Sabtu, 23 Februari 2019

Cerpen : Ado Sio




   Semalam dingin mengusik tidurku, bahkan tetesan hujan terdengar seperti langkah kaki. Sejak kau pergi dengan angkuh meninggalkan harapan yang kau tumbuhkan dalam lubuk hatiku. Aku bagaikan sebuah perahu tanpa awak, terombang-ambing di amuk badai. Gemuruh Guntur dan halilintar yang terdengar memukul ruang dan waktu, mengingatkanku tentang kamu yang dengan tingkah manja selalu memelukku, mendekap dibalik dadaku, berusaha sembunyi dari suara Guntur.

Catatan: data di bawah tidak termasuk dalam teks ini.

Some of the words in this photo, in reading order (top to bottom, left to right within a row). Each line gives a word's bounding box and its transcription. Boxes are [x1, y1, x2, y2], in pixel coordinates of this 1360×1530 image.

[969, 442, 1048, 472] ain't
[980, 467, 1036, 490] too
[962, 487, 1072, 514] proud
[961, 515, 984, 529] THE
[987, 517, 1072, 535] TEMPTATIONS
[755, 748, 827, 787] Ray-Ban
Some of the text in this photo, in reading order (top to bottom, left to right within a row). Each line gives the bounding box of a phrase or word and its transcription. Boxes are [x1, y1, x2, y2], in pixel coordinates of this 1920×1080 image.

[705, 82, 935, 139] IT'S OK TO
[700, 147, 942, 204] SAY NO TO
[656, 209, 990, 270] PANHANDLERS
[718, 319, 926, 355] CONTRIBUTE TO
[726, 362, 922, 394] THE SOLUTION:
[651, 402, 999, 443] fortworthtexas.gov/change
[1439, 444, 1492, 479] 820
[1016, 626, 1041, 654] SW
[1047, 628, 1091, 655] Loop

            Setelah dia yang lebih mapan hadir dalam hari-harimu. Aku hanyalah kebencian bagimu. Membenciku karena kekurangan dan lemahnya kondisi diriku.

            Aku ingat semuanya. Bahkan luka yang kau goreskan tanpa rasa simpati. Mungkin kau pun masih ingat dikala kita bercinta di tengah hutan pinus, kau pernah berjanji takan pernah meninggalkanku. Katamu meninggalkan diriku sama halnya dengan mati.

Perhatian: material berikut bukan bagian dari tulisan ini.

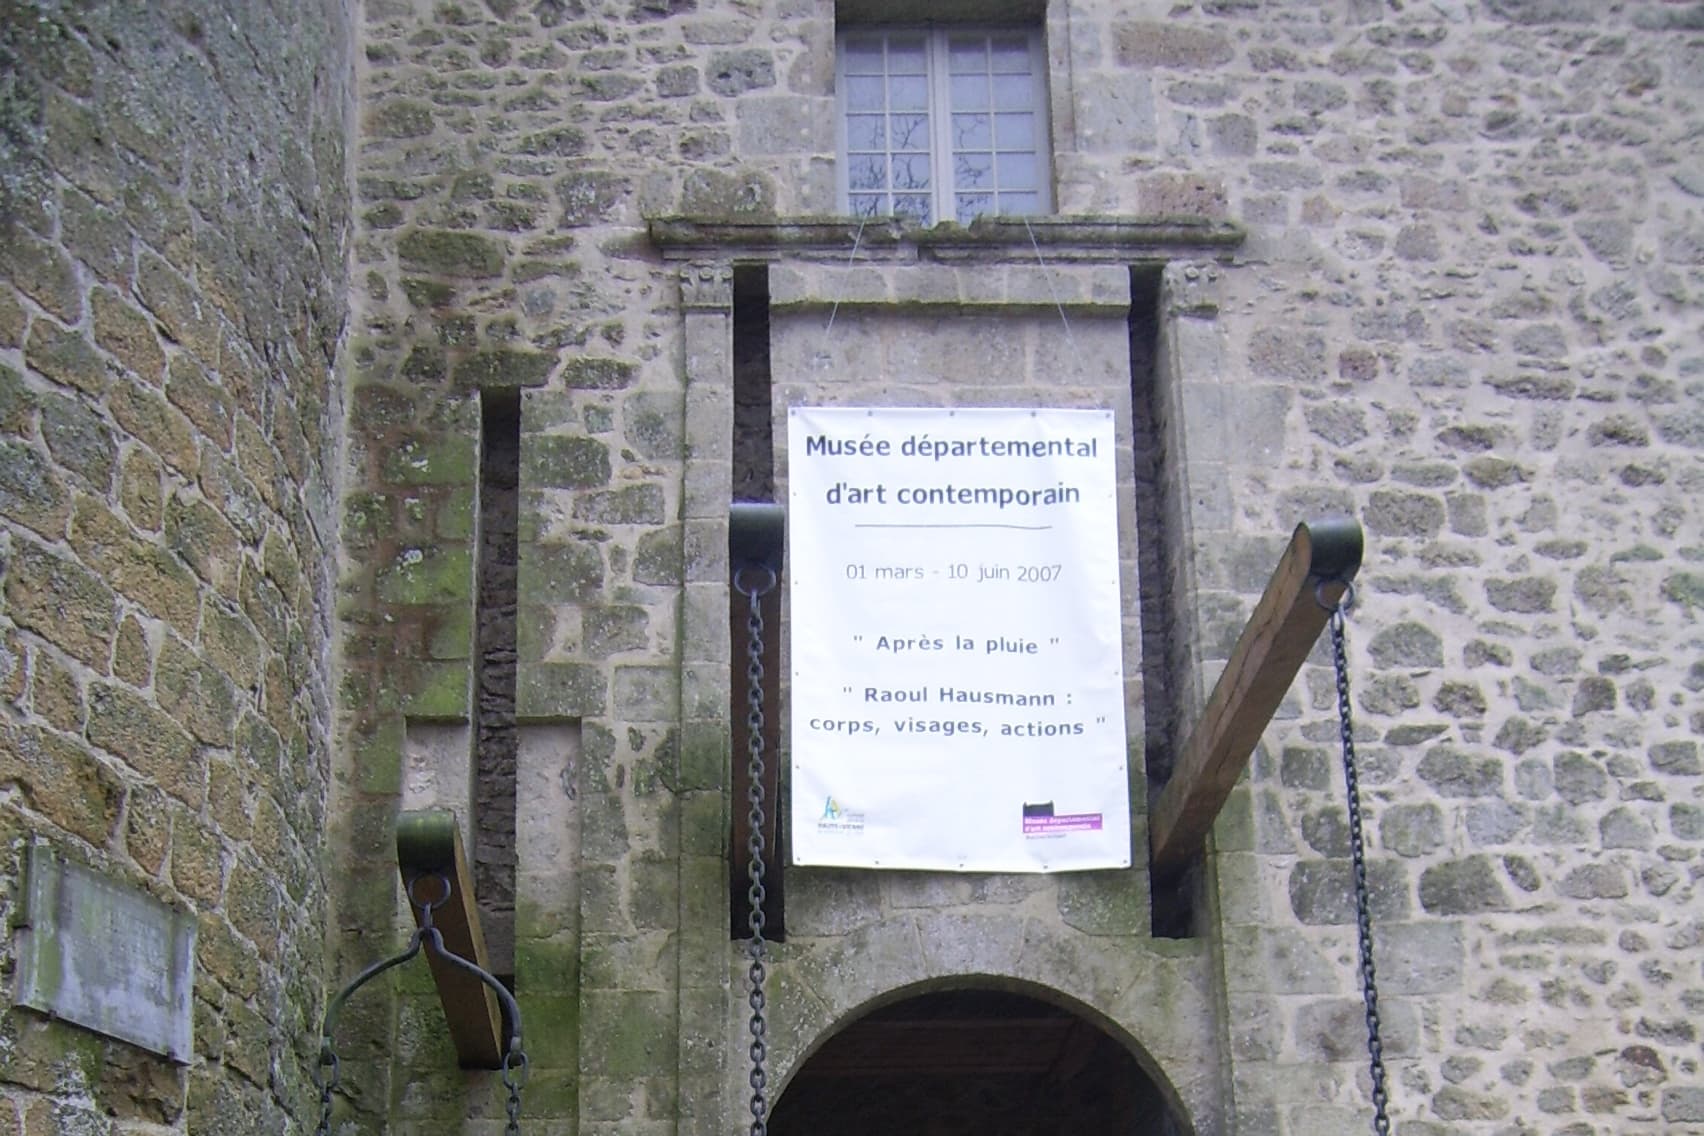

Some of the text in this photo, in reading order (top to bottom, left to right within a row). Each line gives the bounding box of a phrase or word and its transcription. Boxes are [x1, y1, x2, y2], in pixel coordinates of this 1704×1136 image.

[806, 434, 1098, 462] Musée départemental
[826, 481, 1081, 510] d'art contemporain
[846, 564, 867, 580] 01
[875, 567, 925, 580] mars
[948, 564, 968, 580] 10
[976, 564, 1010, 583] juin
[1017, 564, 1063, 583] 2007
[876, 634, 945, 654] Après
[956, 635, 975, 651] la
[986, 637, 1039, 655] pluie
[864, 687, 928, 703] Raoul
[939, 687, 1055, 707] Hausmann
[809, 718, 881, 736] corps,
[894, 717, 989, 737] visages,
[1000, 720, 1084, 737] actions
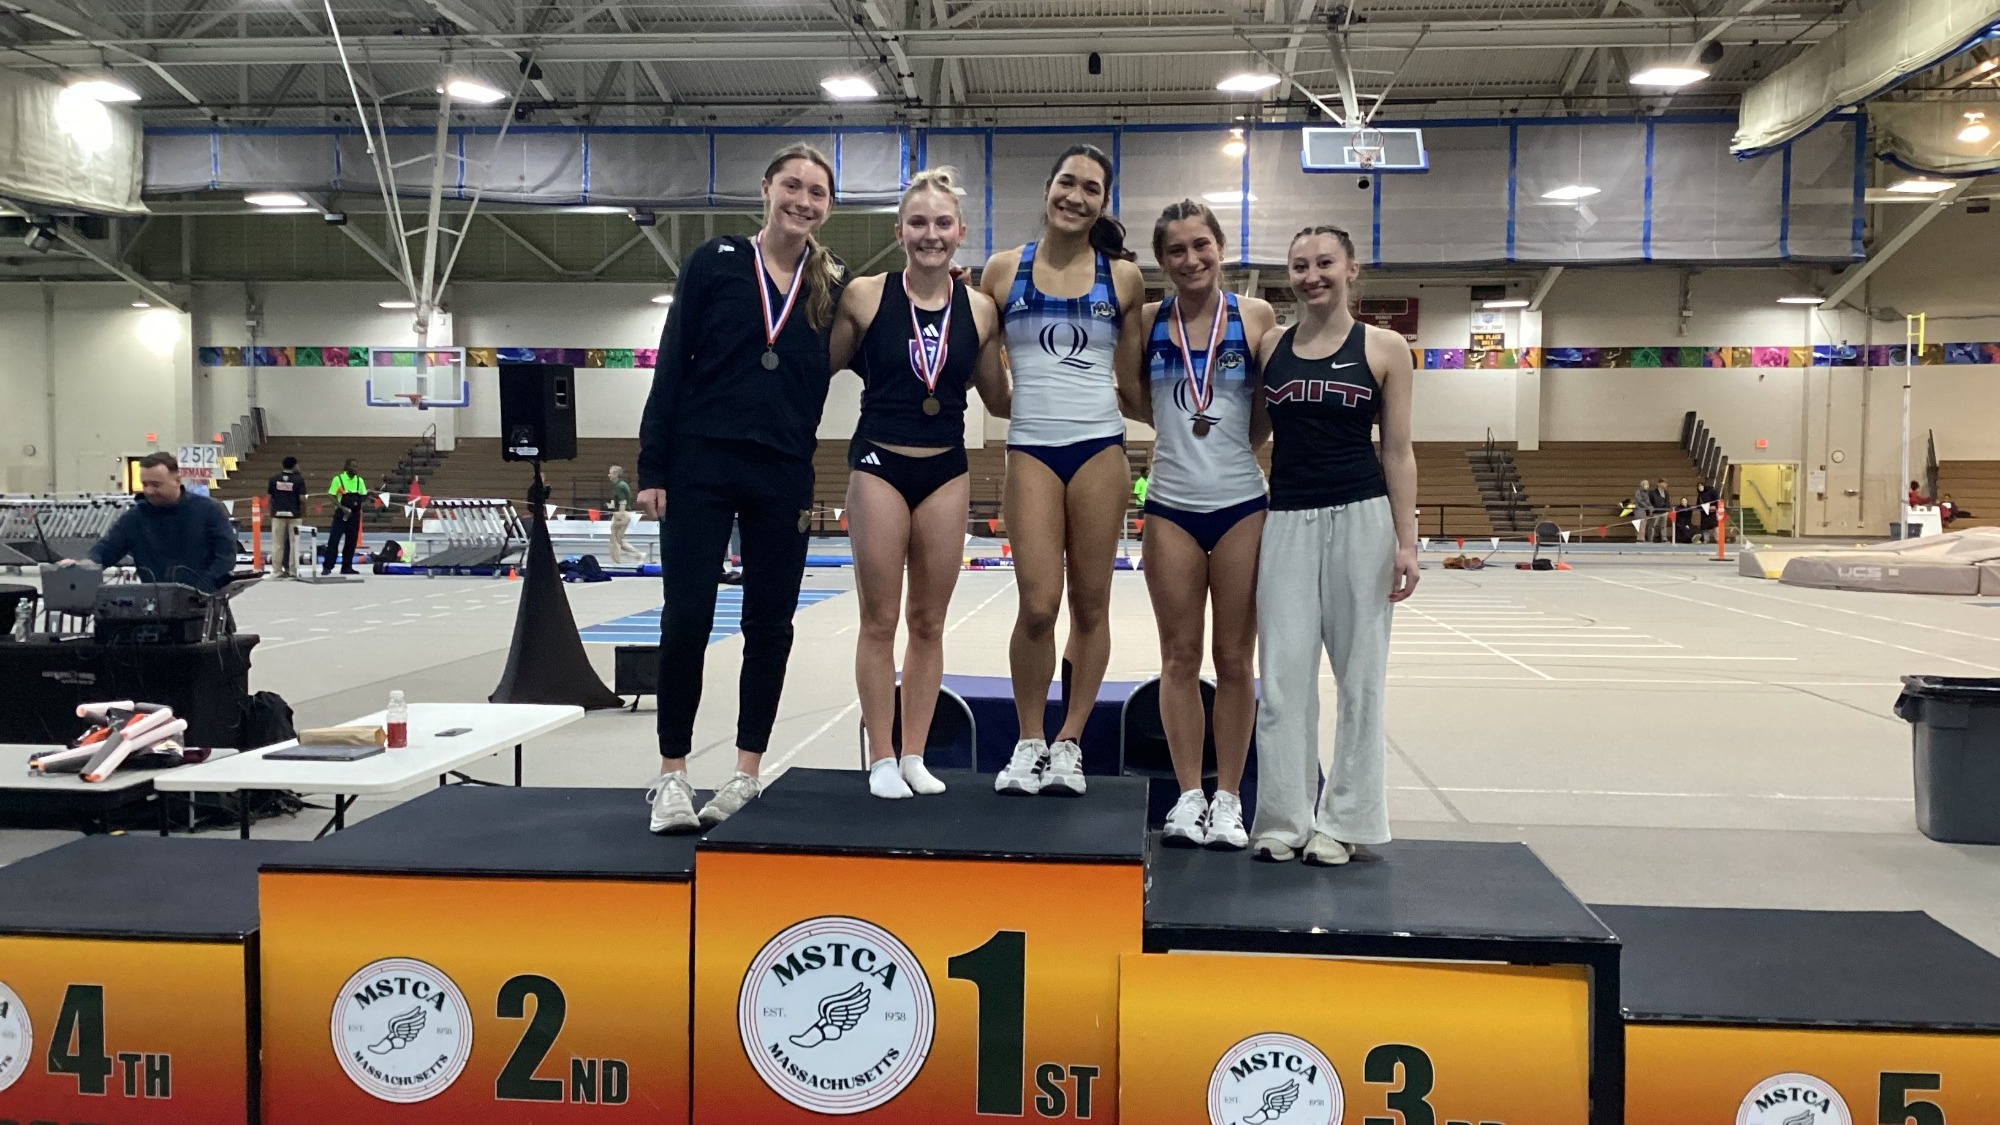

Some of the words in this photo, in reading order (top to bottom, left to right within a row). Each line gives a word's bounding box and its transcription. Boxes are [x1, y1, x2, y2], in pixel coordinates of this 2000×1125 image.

[1039, 322, 1096, 369] Q
[1263, 380, 1372, 408] MIT
[1838, 566, 1882, 578] UCS
[770, 943, 898, 991] MSTCA
[353, 977, 446, 1012] MSTCA
[763, 1007, 786, 1018] EST.
[885, 1011, 907, 1021] 1958
[947, 929, 1099, 1119] 1ST
[47, 983, 172, 1099] 4TH
[495, 973, 629, 1105] 2ND
[353, 1050, 448, 1086] MASSACHUSETTS
[768, 1042, 900, 1091] MASSACHUSETTS
[1229, 1051, 1318, 1085] MSTCA
[1755, 1087, 1831, 1114] MSTCA

            Semua itu, kini menjelma menjadi mata pisau yang bersembunyi dibalik huruf yang kau ukir di ingatanku. Mengingatnya, membuatku seakan menggali lubang kuburku.

            Tapi sekarang, kau telah dibawah pergi oleh dia, Sosok misterius yang ku benci. Bahkan ketika kau pergi, kau bahkan tak menengokku sedikit pun Dan mungkin pula, aku hanyalah bahagiamu sesaat.

              

              Sore itu, Aku duduk menghadap layar notebook yang menyala. Ku buka sebuah file dengan nama Tikai nako, sebuah file yang berisi foto. Ku lirik satu demi satu foto-foto yang ada file itu. Kenangan demi kenangan yang pernah ku lalui bersamanya kembali terlintas lagi di benak. Disana ada foto kemesraan ku dengannya, ada pula foto-fotonya yang pernah ku ambil secara diam-diam ketika dia terlelap dalam tidur dalam pelukku.

               Mulai dari pondok hijau hingga asia afrika, potret-potretnya masih tersimpan rapih dalam file itu. Ketika ku melihatnya, hanya perih saja yang terasa. Entah mengapa, mengingatnya menyakitiku.

              Kemarin aku sempat bertemu dengan paitua, Itulah sapaan kerap yang  ku dengar ketika teman-temanku memanggilnya. Sosok lelaki brewok dengan rambut talingkarnya yang lebat. Nama aslinya sih sepo, dan memang bila di lihat dari namanya maka mungkin orang mengiranya orang jawa, namun tidak demikian, dia adalah lelaki tulen papua.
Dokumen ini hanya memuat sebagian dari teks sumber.